As cancer diagnostics firm Neoprobe (NYSE Amex: NEOP) prepares for a potential proxy fight with Platinum-Montaur Life Sciences, the company’s largest investor, it’s worth taking a look at the Dublin, Ohio-based company’s exit potential.
Outside of its internal problems, Neoprobe looks relatively healthy on paper. The company continues to march toward FDA approval of what it calls its “game-changing” radiopharmaceutical, Lymphoseek. And, evidence suggests, there’s a healthy amount of investor interest in the company. Neoprobe’s shares are up a whopping 77 percent on the year and the company says it’s hitting major clinical milestones, such as reaching the accrual goal of a Phase III study of Lymphoseek last month.
And, most significantly, company officials said they expect to file a New Drug Application with the Food & Drug Administration for Lymphoseek next quarter.

Lymphoseek is a tracing agent that helps surgeons identify cancerous lymph nodes in patients with breast cancer and melanoma. If the NDA is approved, Neoprobe could begin marketing the therapy and start raking in sales. The company estimates Lymphoseek’s market value at $450 million (PDF).
So what’s not to like about Neoprobe?
Steve Brozak, president of WBB Securities, said pharmaceutical companies are far more comfortable making acquisitions that already have sales — even if that means waiting until a target is much more expensive.
“The pharma industry buys things based on revenues,” said Brozak, adding that his company holds an equity position in Neoprobe. ”They’d much rather pay 20x based on current revenues than pay 3x based on future revenues.”
Plus, CEOs have a very strong reason to avoid making risky deals with pre-revenue companies: Job security.
“No one has ever lost their job for saying ‘no’ to a deal, but plenty have lost their jobs for saying ‘yes’ to a deal that didn’t work out,” Brozak said.
If Neoprobe were to be acquired, the most obvious candidate would be fellow Dublin company Cardinal Health (NYSE:CAH). Not only is Cardinal a huge player in the radiopharmaceuticals market, but it’s entered into a distribution deal with Neoprobe for Lymphoseek.

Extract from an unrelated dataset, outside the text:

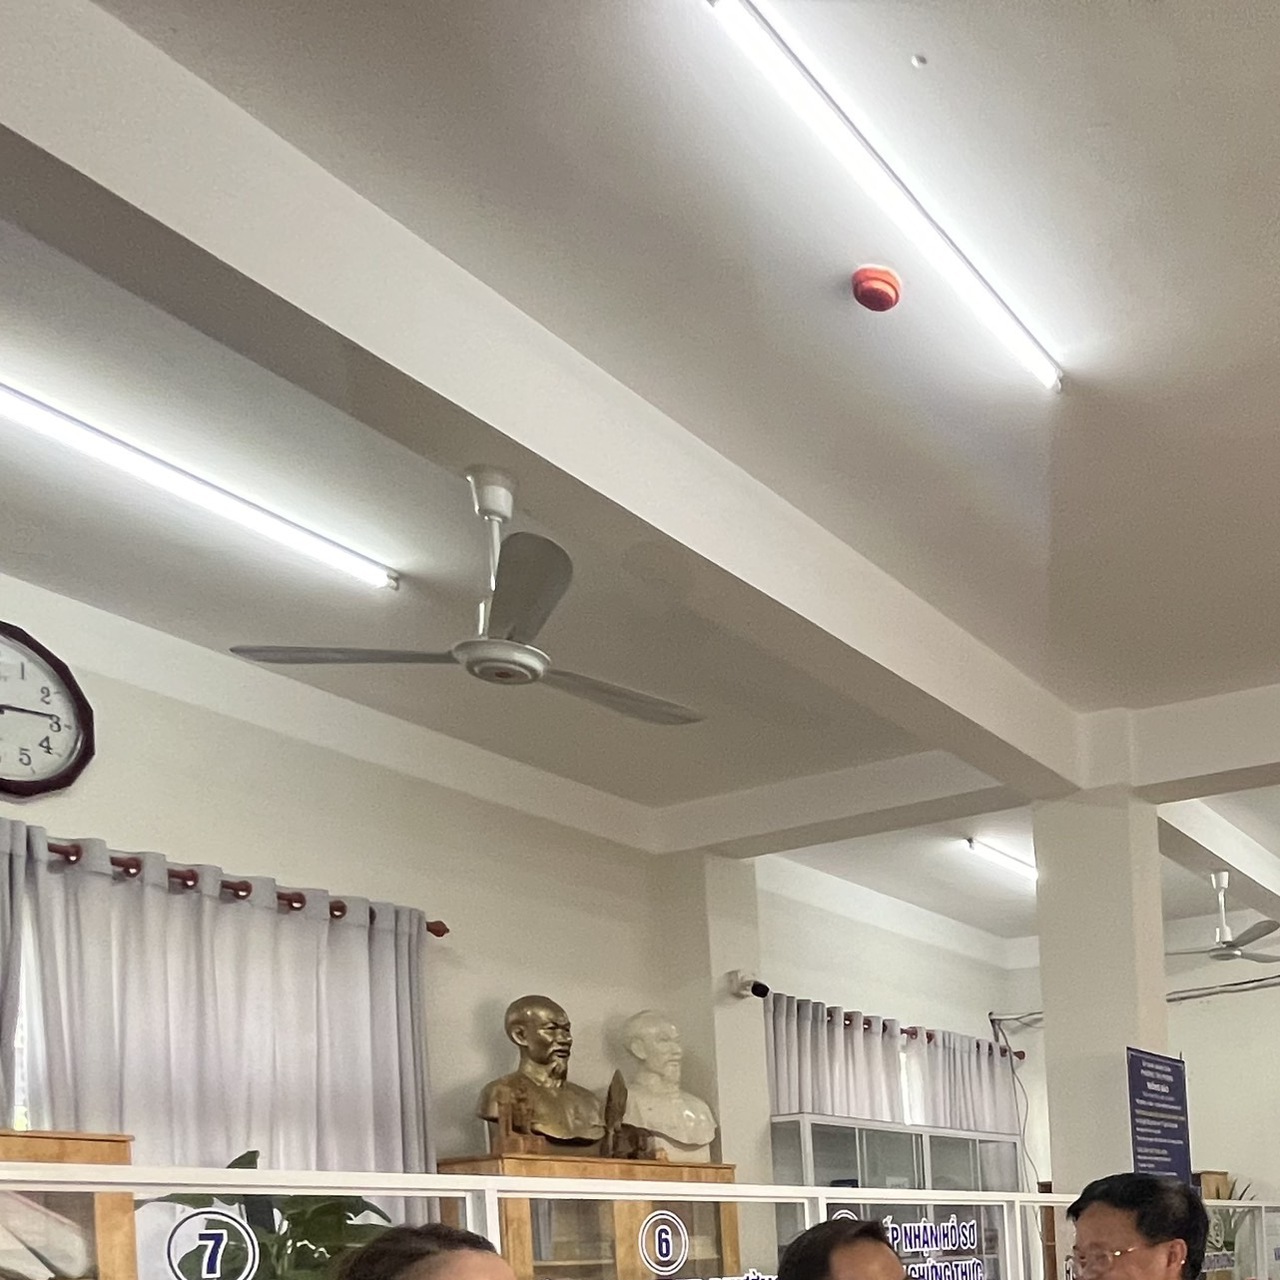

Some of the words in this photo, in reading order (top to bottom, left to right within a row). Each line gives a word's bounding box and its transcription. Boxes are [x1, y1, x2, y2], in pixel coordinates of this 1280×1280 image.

Under the terms of the deal, Cardinal will be the exclusive U.S. distributor of Lymphoseek for five years after approval of the NDA, and the two companies would split sales of the drug.

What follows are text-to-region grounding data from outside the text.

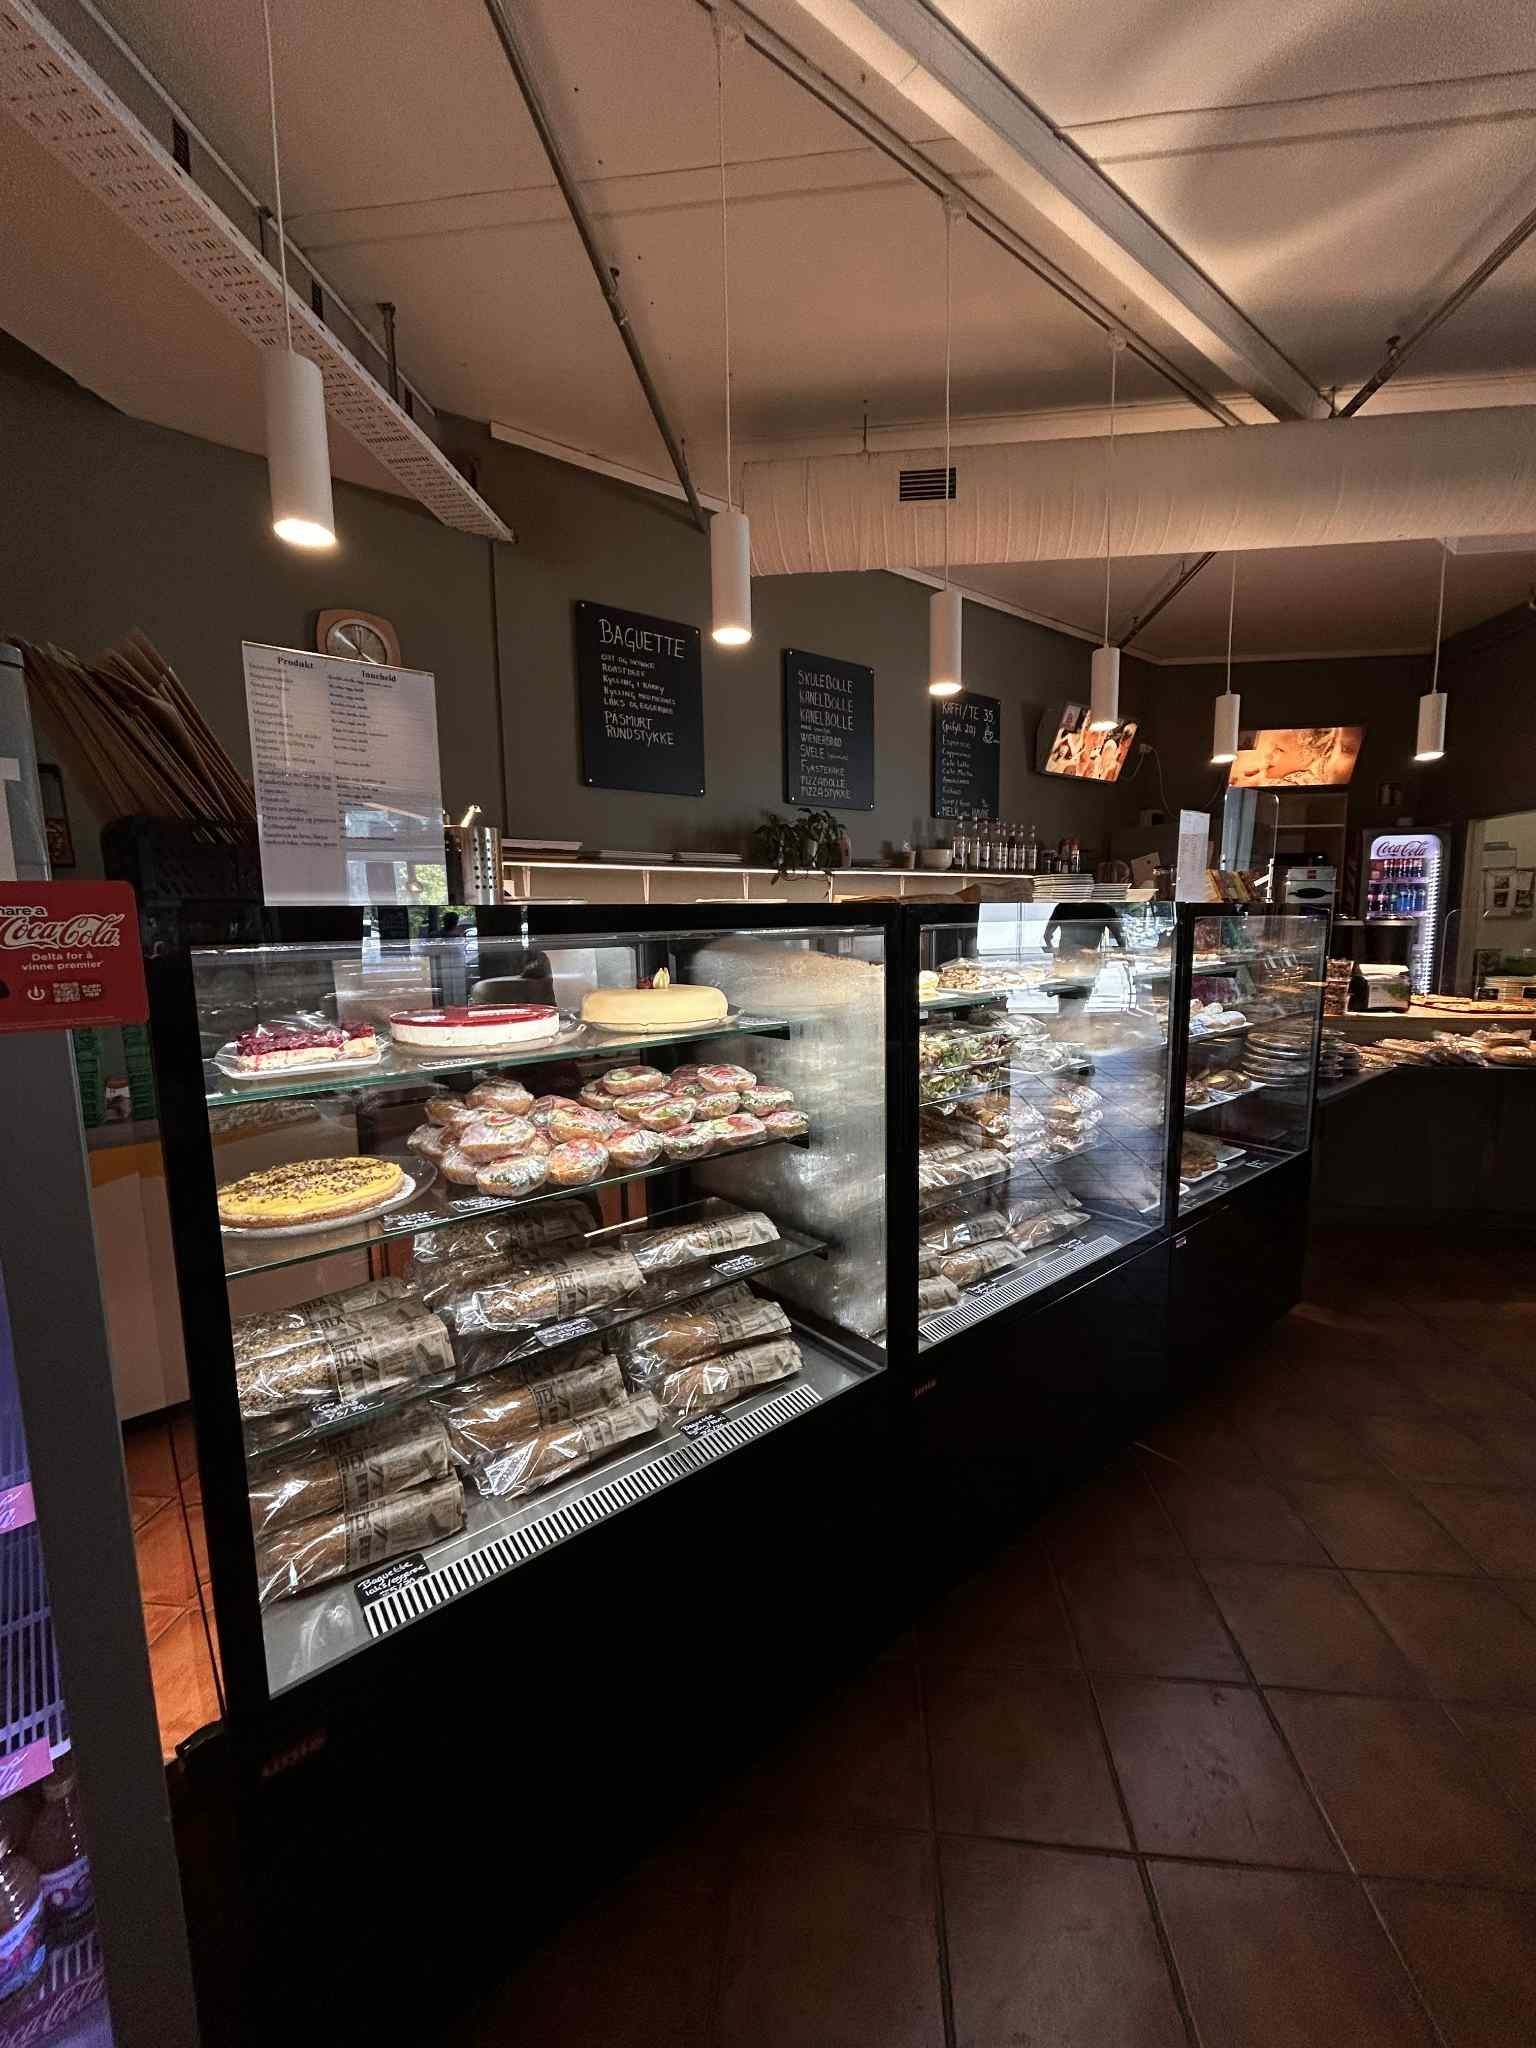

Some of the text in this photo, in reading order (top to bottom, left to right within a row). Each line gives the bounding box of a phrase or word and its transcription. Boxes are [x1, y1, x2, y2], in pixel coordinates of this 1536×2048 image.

[599, 618, 686, 658] BAGUETTE
[277, 656, 314, 670] Produkt
[800, 709, 854, 732] KANELBOLLE
[983, 708, 994, 723] 35
[605, 725, 675, 748] RUNDSTYKKE
[800, 743, 825, 760] SVELE
[1377, 840, 1430, 858] Coca-Cola
[34, 908, 45, 916] a
[0, 914, 125, 949] Coca-Cola
[66, 951, 82, 960] for
[22, 963, 54, 971] vinne
[357, 1561, 413, 1590] Baguette

Both well-informed speculators like Brozak and largely uninformed speculators on blogs and stock message boards have long opined that Cardinal is the top candidate to buy Neoprobe, and the deal may well come to fruition some day.
But it looks less likely to happen this year. There’s a good chance Neoprobe won’t generate any sales from Lymphoseek this year as the FDA takes its time reviewing the drug’s application, so — following Brozak’s logic — 2012 would seem a more likely time for a deal. Cardinal competitor Covidien (NYSE:COV) has also been rumored to be a potential Neoprobe acquirer.
For Neoprobe’s part, company executives say exactly what anyone in their position would say: They’re focusing their energy on getting all they can out of the business and don’t spend time thinking about the prospects of an acquisition (or the 6,000-square-foot mansions they’d move into shortly thereafter.)
“The decision as to whether we get sold is in the hands of our shareholders,” CFO Brent Larson said. “Our job is to grow the business, identify pipeline opportunities and enhance shareholder value.”
That’s what Brozak wants to hear, because he would rather see Neoprobe remain on its own. He thinks it’ll better maximize its value by staying independent and raising cash through the public markets. And for Neoprobe to remain independent, one very important thing must happen: “I’m hoping the large pharma companies stay as stupid as they are right now,” Brozak succinctly said.
Isn’t that a bit harsh? Not to Brozak. He suggests — and once again, quite bluntly — that big pharmaceuticals and device companies’ true goal of optimizing their finances costs them when it comes to getting the most out of their clinical innovations.
“The pharmaceuticals industry and medical device industry is not designed to maximize discoveries,” he stated emphatically. “It’s designed to do one thing: Provide maximum EBITDA in the short term.”
A recent report by consulting firm The Hay Group — which found that 80 percent of the metrics used by the largest drug-makers to determine CEO salary incentives were financial measurements, but only 12 percent were tied to progress involving drug development and commercialization — would suggest that Brozak is right.